In the entries below, find the line with "this 1440×1620 image.", then set it down exactly along with each line after it to the end, skipping any pictures.
(RECORDED INFORMATION begins)
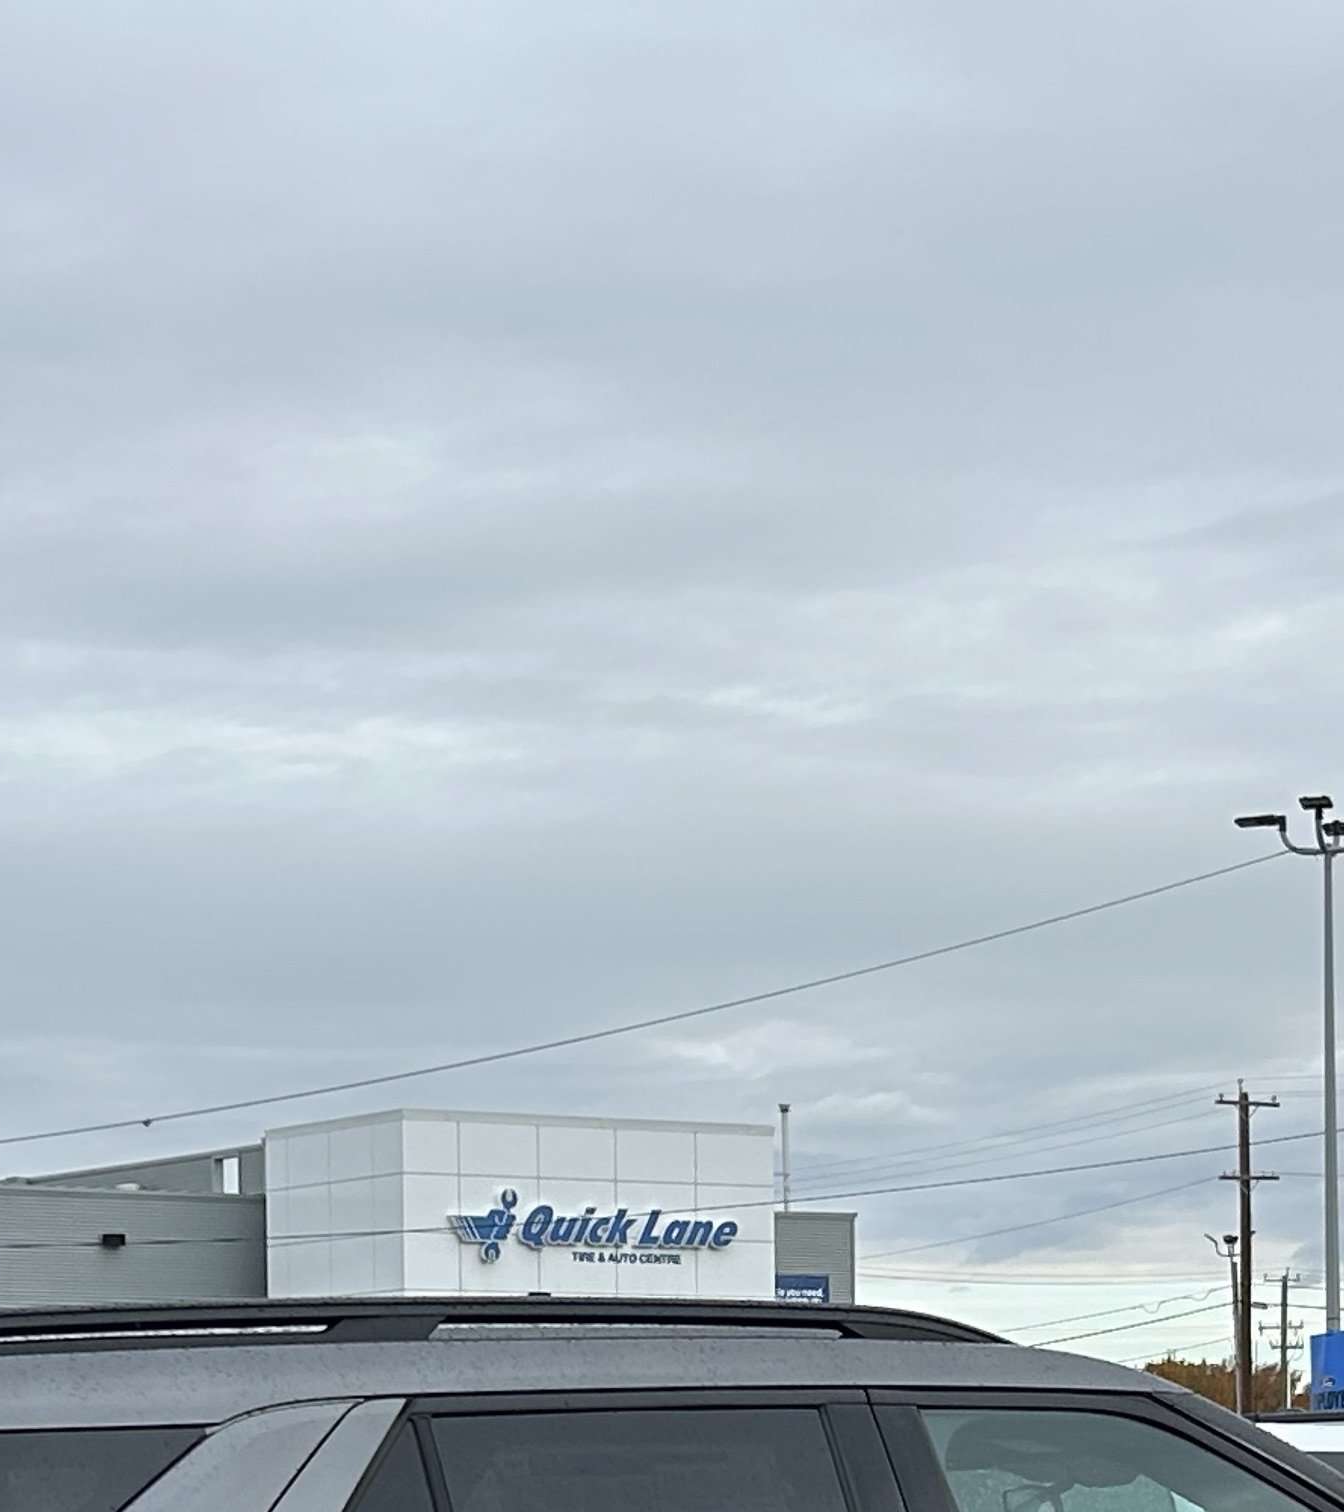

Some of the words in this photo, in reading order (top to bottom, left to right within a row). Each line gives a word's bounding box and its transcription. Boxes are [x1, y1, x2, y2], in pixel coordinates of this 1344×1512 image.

[522, 1205, 635, 1247] Quick
[639, 1209, 738, 1248] Lane
[572, 1252, 595, 1263] TIRE
[598, 1253, 605, 1263] &
[607, 1253, 637, 1264] AUTO
[639, 1254, 681, 1265] CENTRE
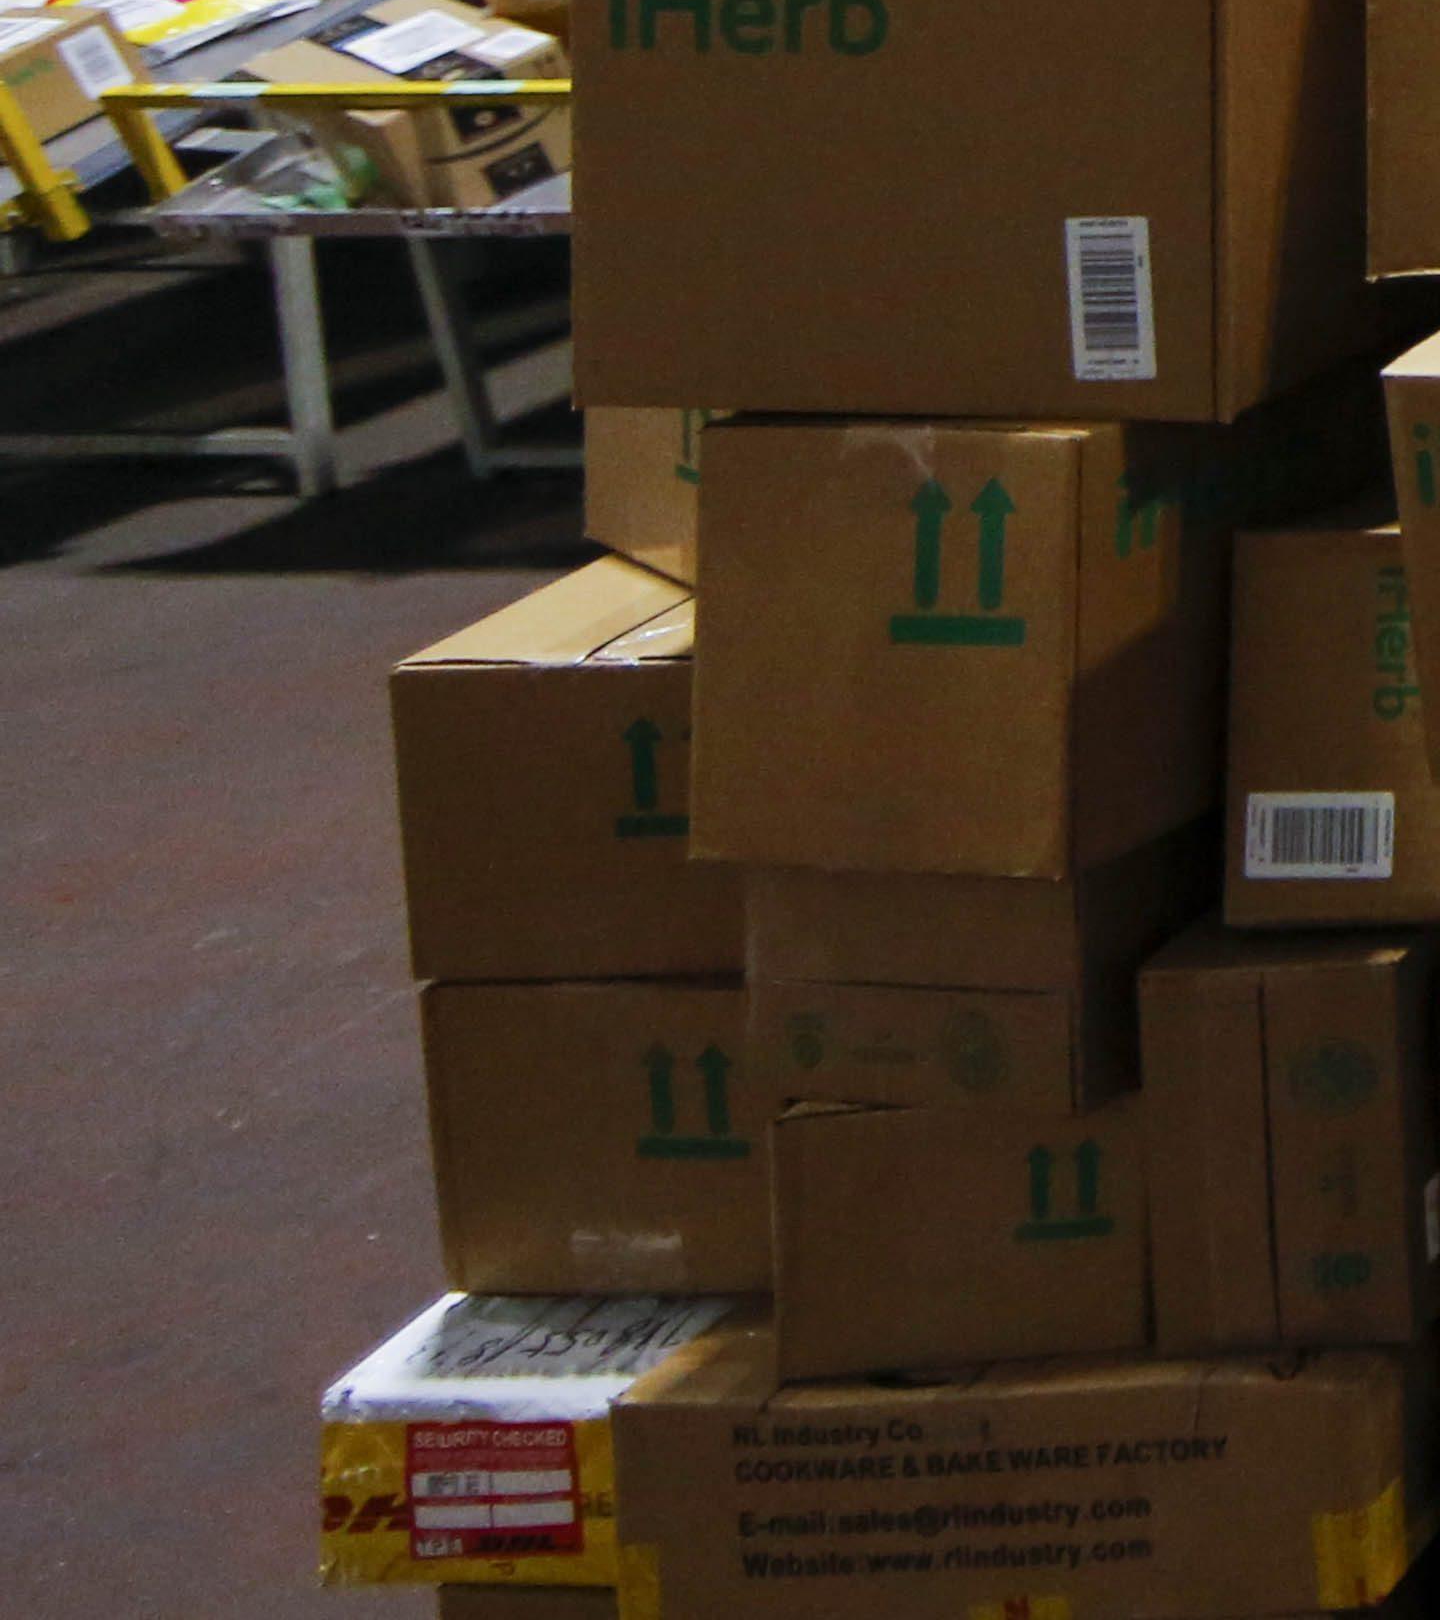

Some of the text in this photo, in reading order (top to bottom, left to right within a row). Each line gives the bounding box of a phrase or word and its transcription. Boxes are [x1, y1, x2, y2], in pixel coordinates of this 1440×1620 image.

[493, 1428, 567, 1447] CHECKED
[736, 1456, 896, 1484] COOKWARE
[1096, 1435, 1228, 1466] FACTORY
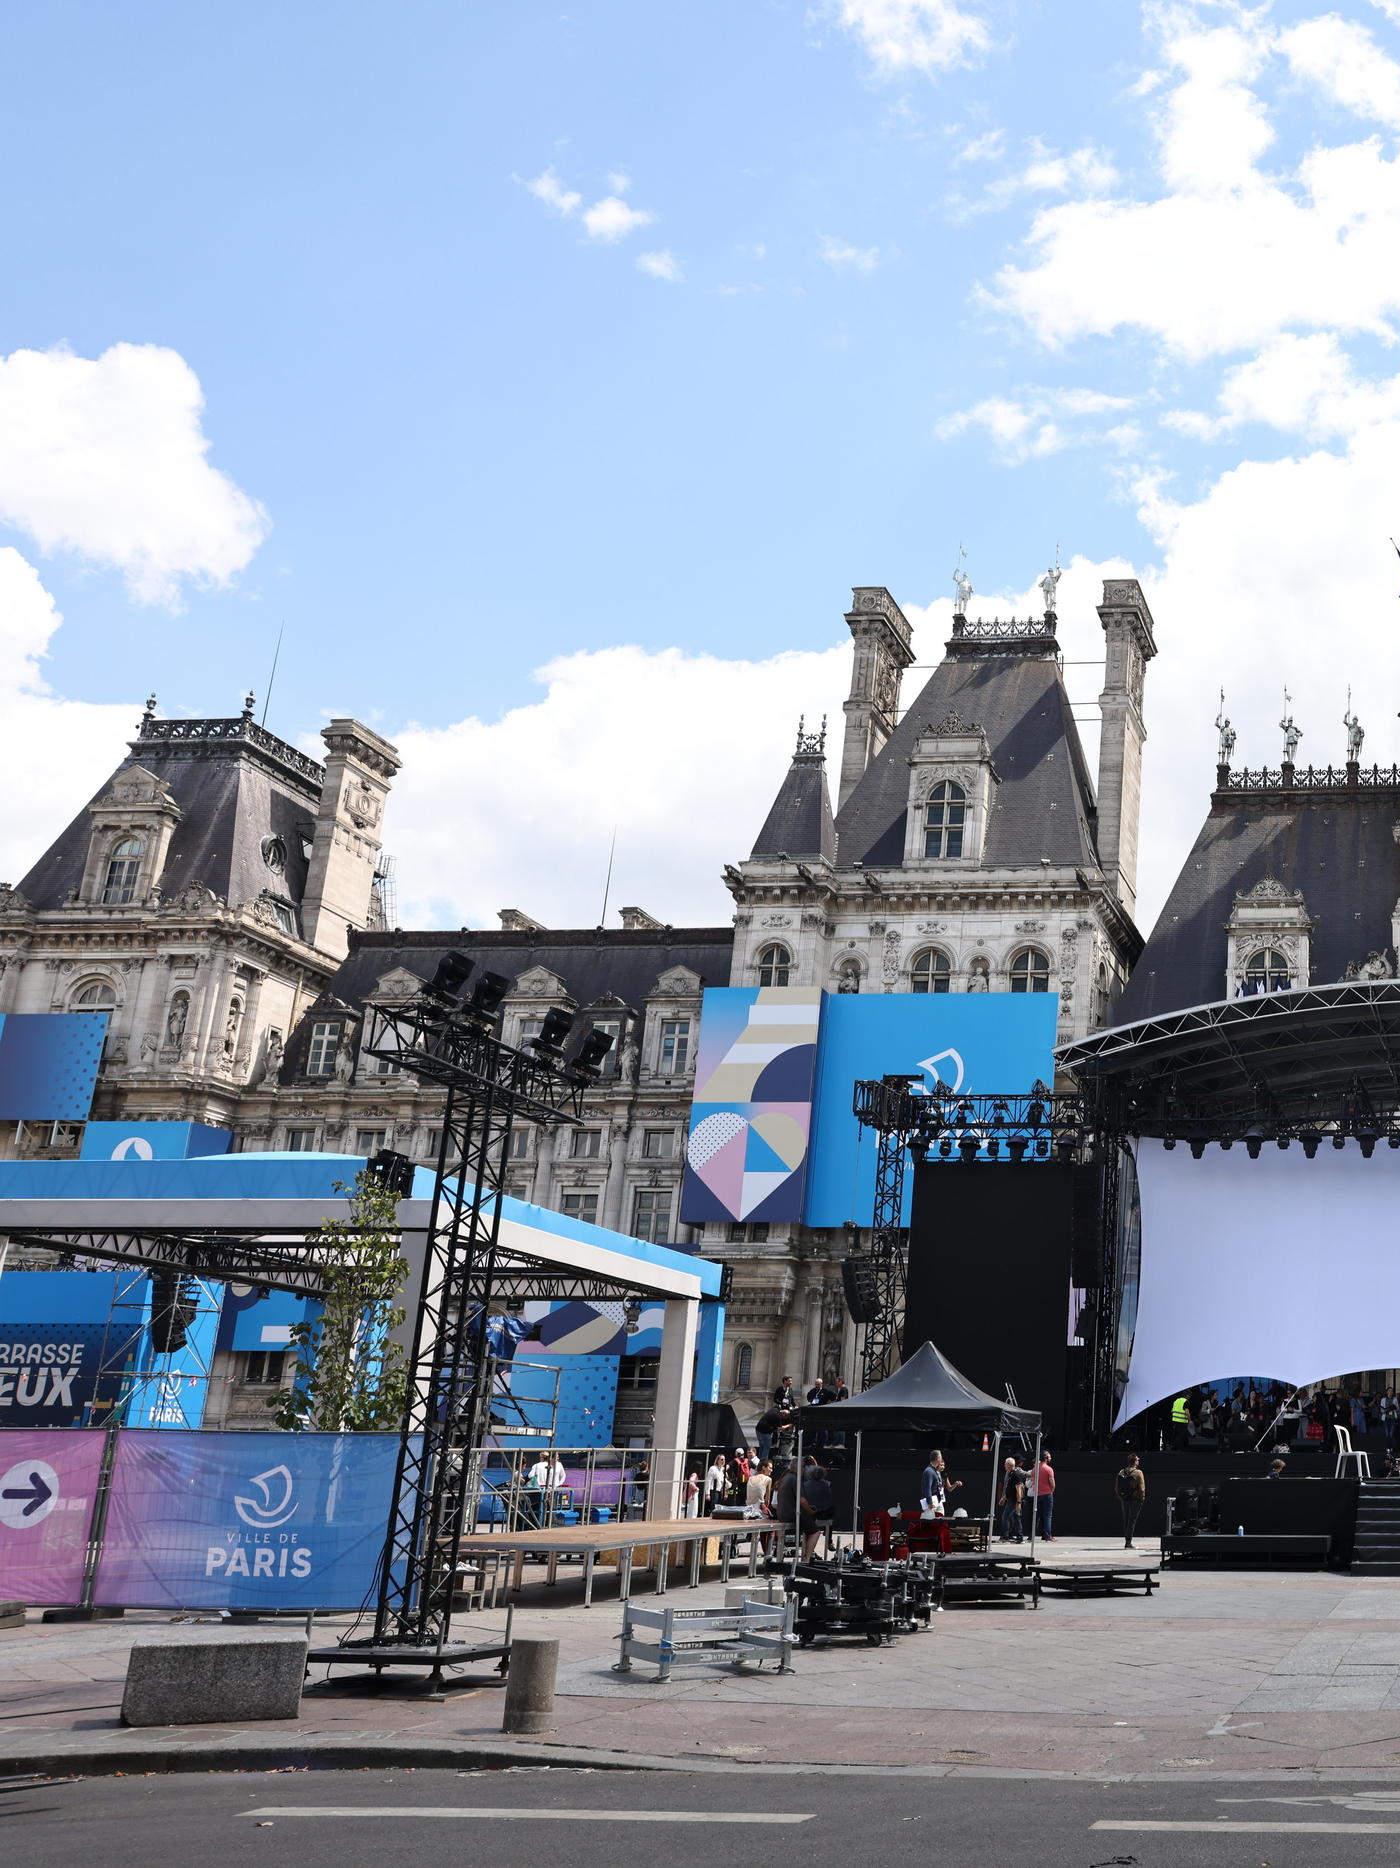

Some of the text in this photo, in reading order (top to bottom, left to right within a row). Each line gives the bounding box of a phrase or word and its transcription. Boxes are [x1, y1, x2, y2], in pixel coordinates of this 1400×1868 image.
(RECORDED INFORMATION ends)
*WRITTEN RESPONSE*.
Some of the text in this photo, in reading order (top to bottom, left to right within a row). Each line gives the bounding box of a phrase or word and its transcription. Boxes are [x1, y1, x2, y2], in pixel coordinates of this 1440×1620 image.

[493, 1428, 567, 1447] CHECKED
[736, 1456, 896, 1484] COOKWARE
[1096, 1435, 1228, 1466] FACTORY

Some of the text in this photo, in reading order (top to bottom, left to right within a row). Each line gives the bounding box of a phrase or word and its transcription. Boxes are [x1, y1, x2, y2], in pixel coordinates of this 1400×1868 image.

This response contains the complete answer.